* **Aim of the exercise**
The data must be given again exactly as written, with all images omitted.
──────────
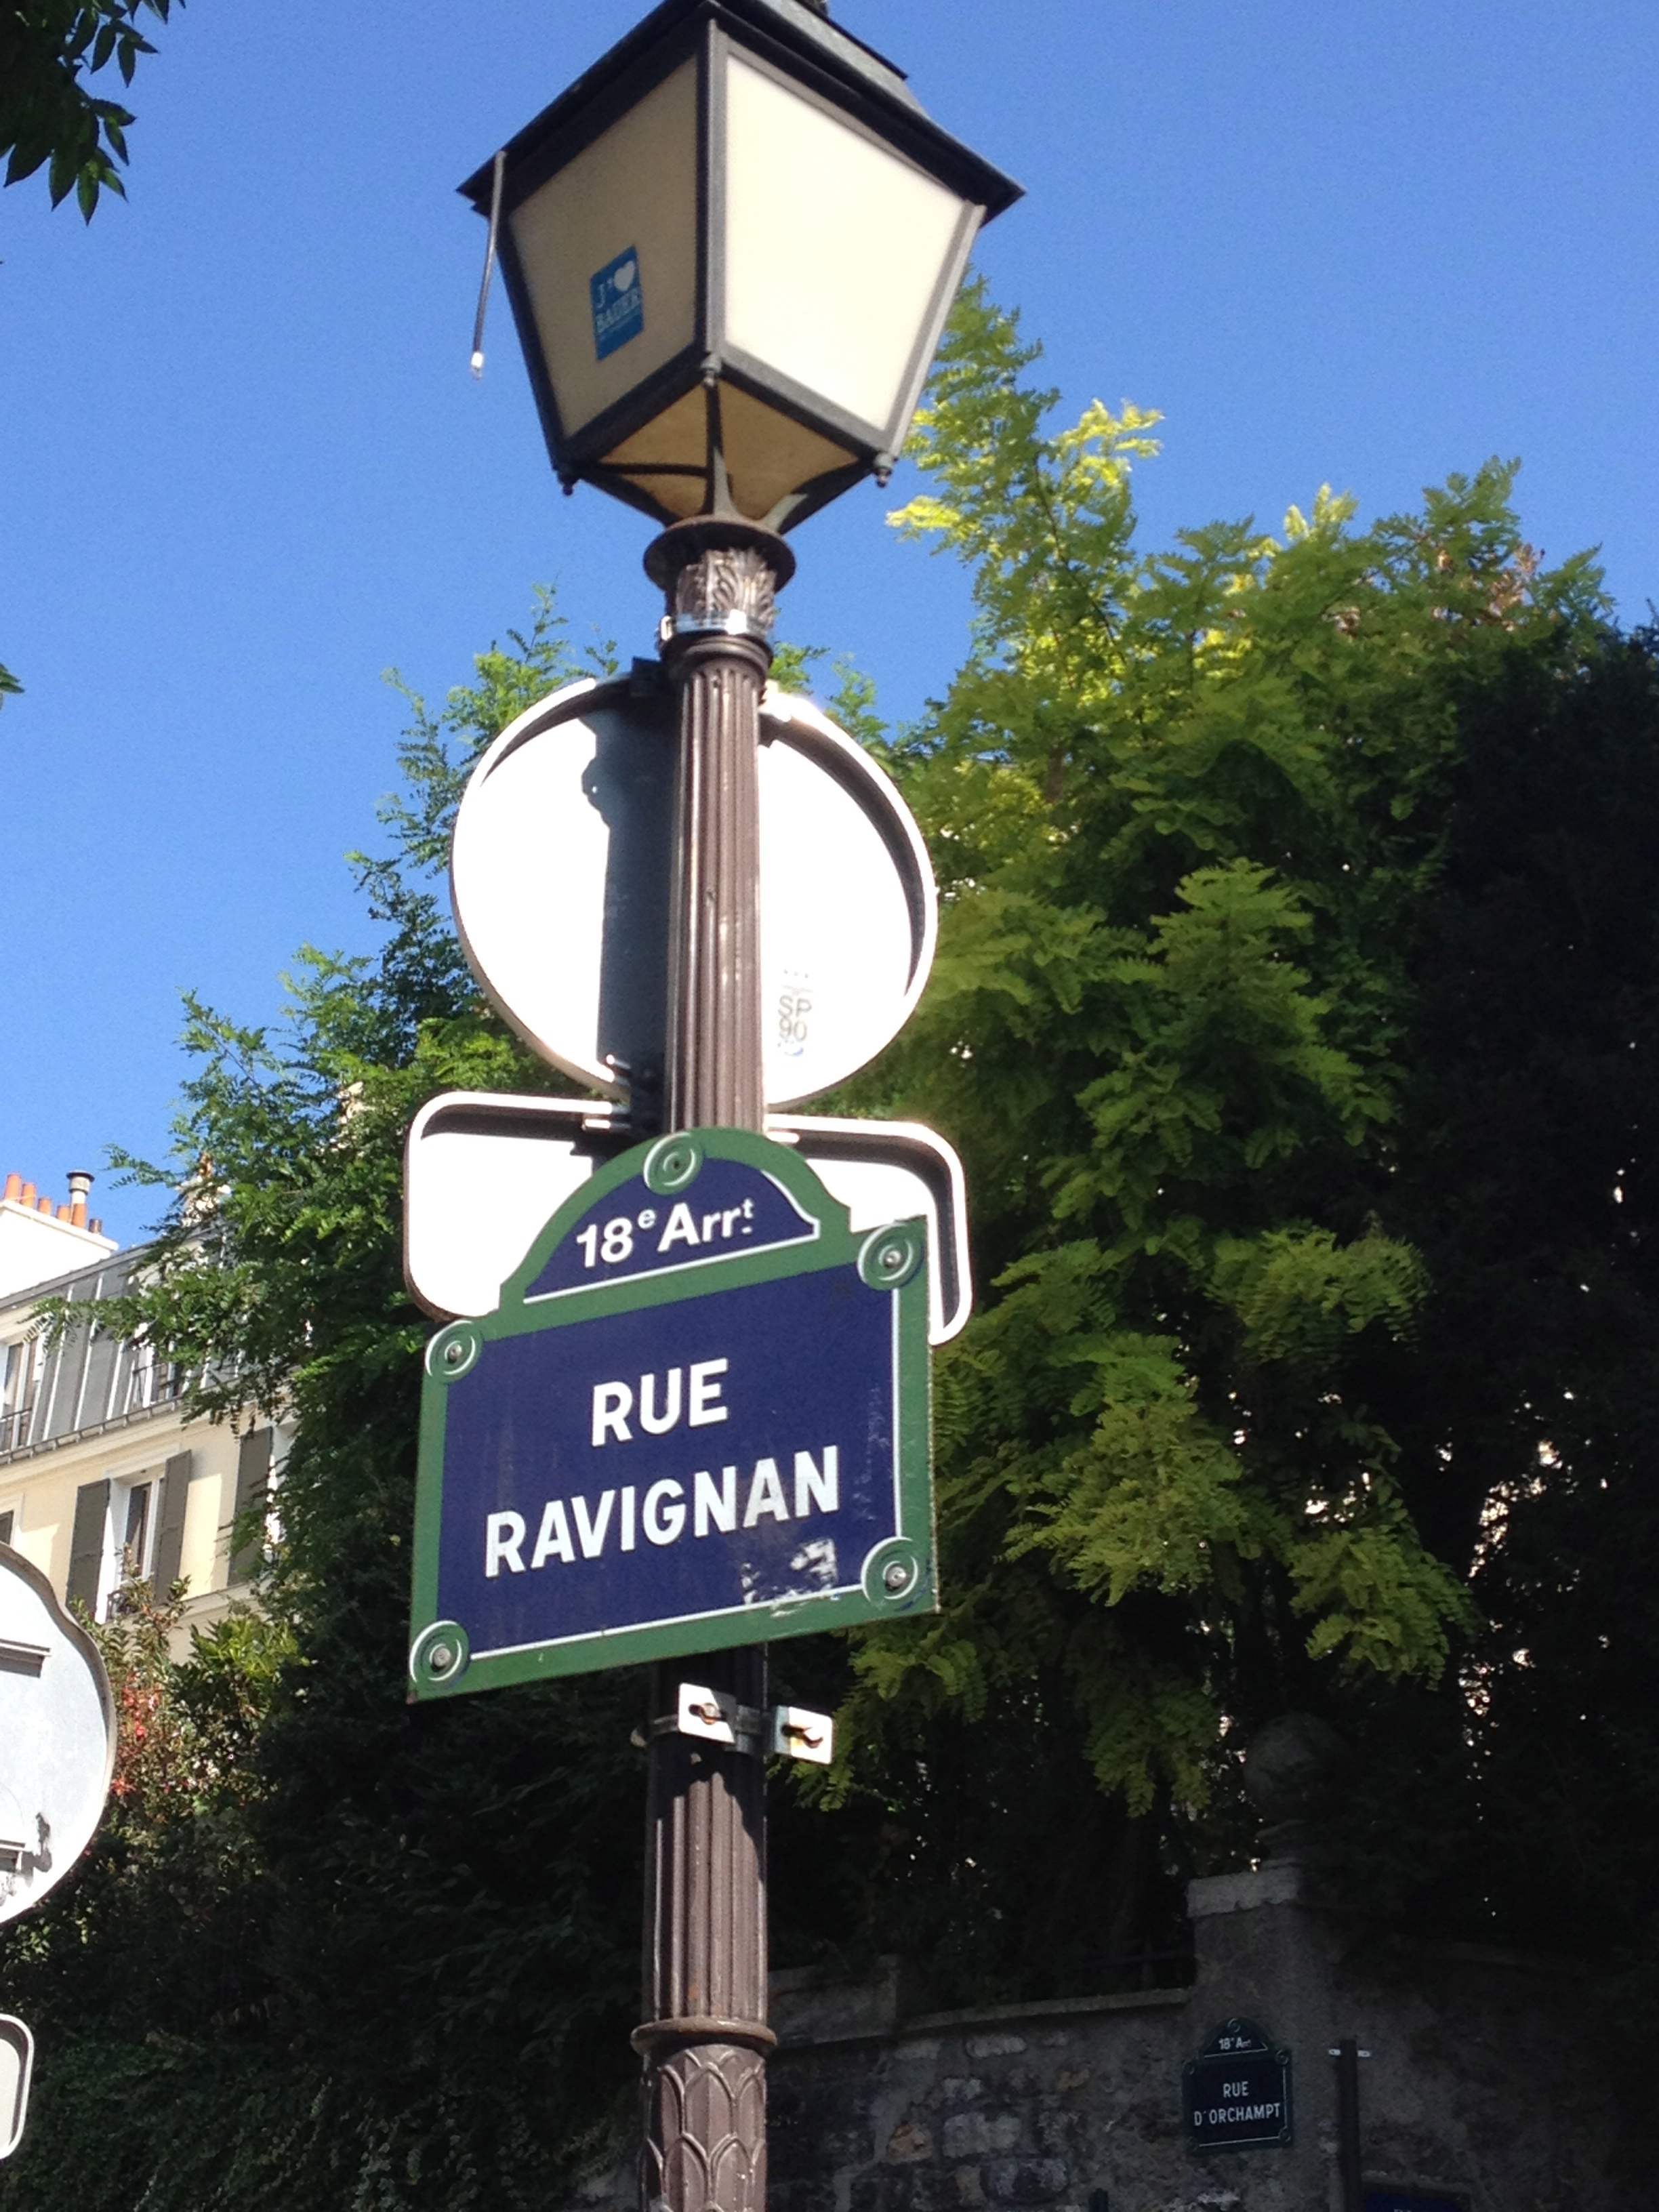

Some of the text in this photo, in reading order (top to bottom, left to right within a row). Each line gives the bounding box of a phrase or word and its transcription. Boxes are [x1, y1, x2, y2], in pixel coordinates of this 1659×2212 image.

[778, 994, 813, 1018] SP
[591, 1357, 730, 1448] RUE
[485, 1445, 840, 1578] RAVIGNAN
[1223, 2081, 1250, 2098] RUE
[1193, 2103, 1280, 2127] D'ORCHAMPT
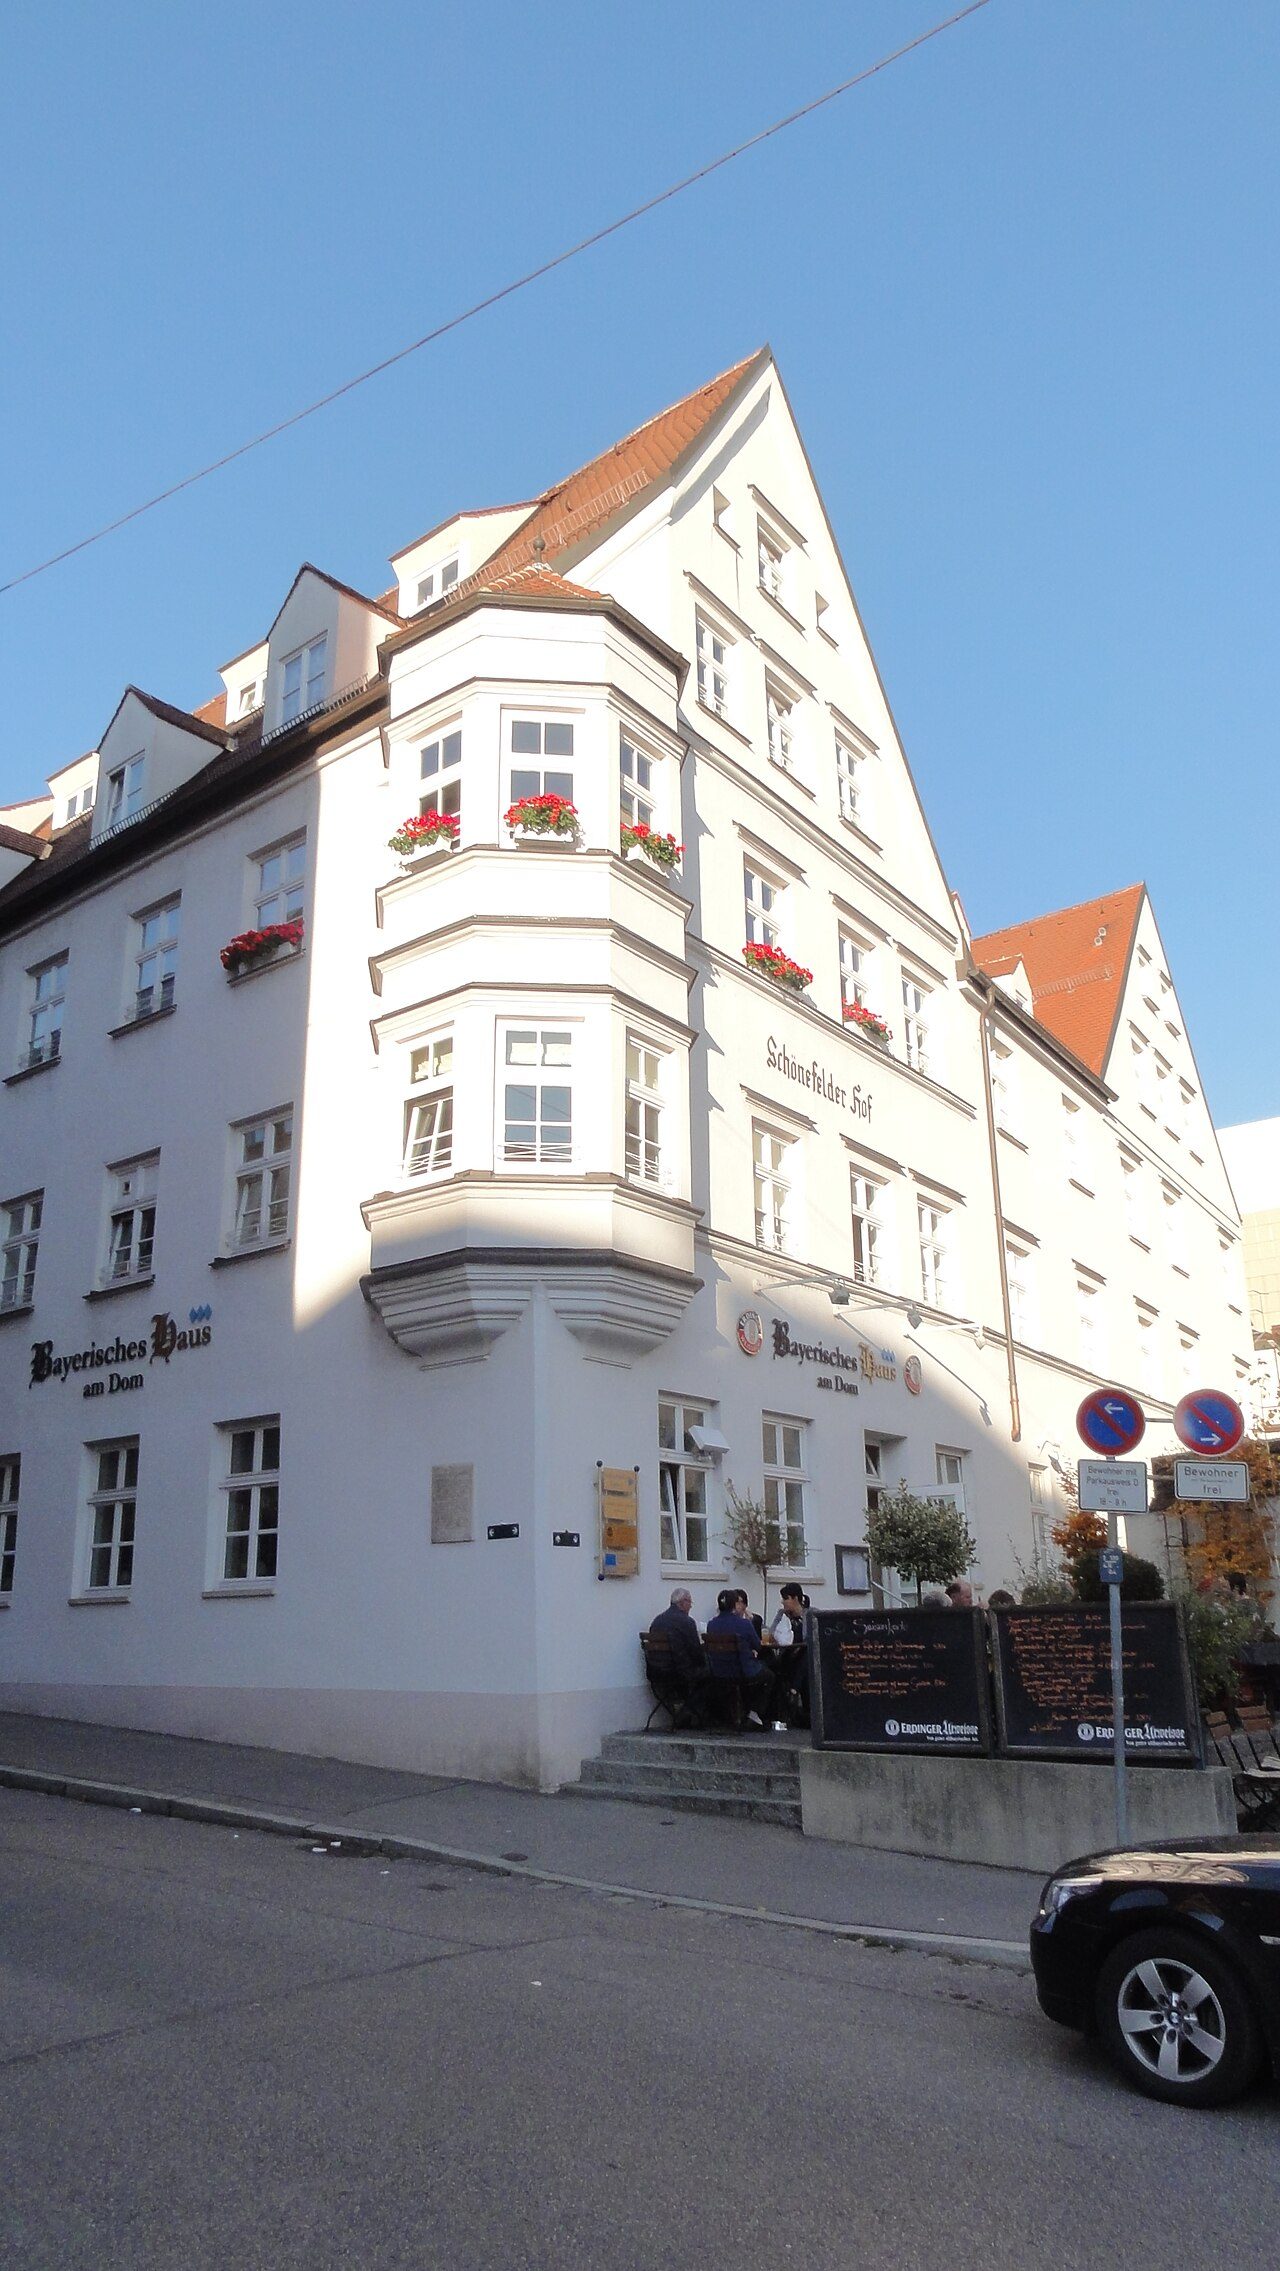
──────────
* **Reply**
Some of the text in this photo, in reading order (top to bottom, left to right within a row). Each line gives the bounding box of a phrase or word and its transcription. Boxes are [x1, y1, x2, y2], in pixel coordinates of this 1659×2212 image.

[778, 994, 813, 1018] SP
[591, 1357, 730, 1448] RUE
[485, 1445, 840, 1578] RAVIGNAN
[1223, 2081, 1250, 2098] RUE
[1193, 2103, 1280, 2127] D'ORCHAMPT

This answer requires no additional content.